Ärzt*innen können kaum helfen

"Ich habe mich allein gelassen gefühlt", erinnert Hannah sich. Kein*e Ärzt*in kann ihr helfen, die Krankheit loszuwerden. Mit der Zeit findet sie heraus, wie es ihr zumindest nicht ganz so schlecht geht. Was sie essen kann. Sie nimmt eine Vertretungsstelle an einer Schule an. Jetzt arbeitet sie nur halbtags. "Wenn ich weiß: Nach vier Schulstunden war's das für heute, dann geht es." Eine neue Hausärztin hilft ihr: Sie bekommt einen Schwerbehindertenausweis, der ihr einen Grad der Behinderung von 50 Prozent bescheinigt. Dank dem kann sie ihr Referendariat jetzt doch machen, in Teilzeit. Im nächsten Frühjahr will sie es versuchen.

Was die Ursache für den Durchfall und die Blähungen sein könnte, weiß sie jetzt auch: Bei einem MRT stellt sich heraus, dass ihre Darmmuskulatur nicht richtig zu arbeiten scheint.

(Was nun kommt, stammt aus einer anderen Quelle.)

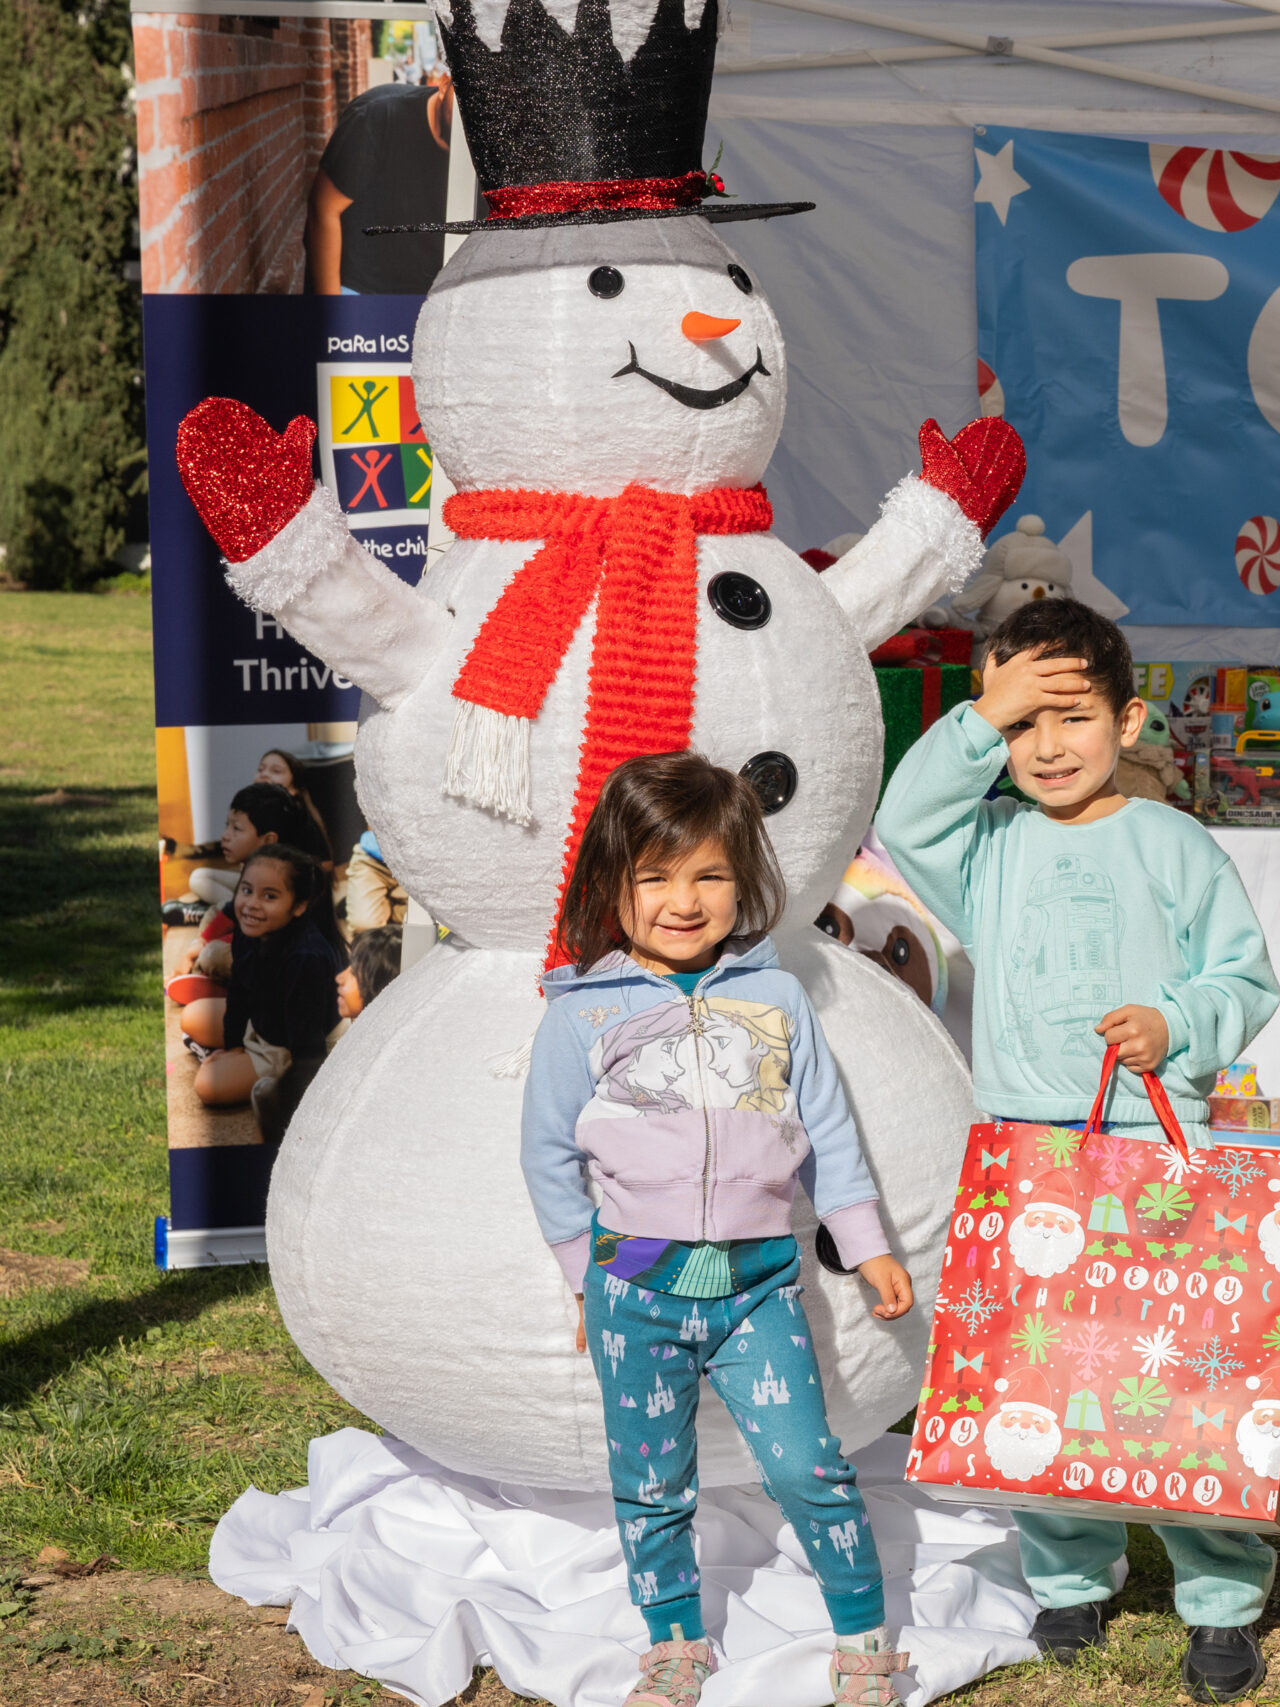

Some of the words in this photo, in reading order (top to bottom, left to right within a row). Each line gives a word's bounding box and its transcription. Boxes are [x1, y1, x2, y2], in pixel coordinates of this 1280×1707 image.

[1086, 1262, 1242, 1304] MERRY
[1011, 1284, 1241, 1334] CHRISTMAS
[1063, 1463, 1221, 1504] MERRY

Aber warum das so ist? "Das weiß niemand."

Damit das Thema Reizdarm bekannter wird, hat sie sich bei einem Verein für Betroffene gemeldet, der sie als Interviewpartnerin an Medien vermittelt. "Es fühlt sich gut an, dass mittlerweile alle meine Freund*innen Bescheid wissen", sagt Hannah. Ihr Chef weiß immerhin von dem Schwerbehindertenausweis. Einigen Kolleg*innen hat sie von dem Grund für den Ausweis erzählt. "Die haben alle relativ gut reagiert." Eine Kollegin hat ihr daraufhin erzählt, dass sie ähnliche Probleme hat. Hannah findet es schön, zu wissen, dass sie nicht die Einzige ist.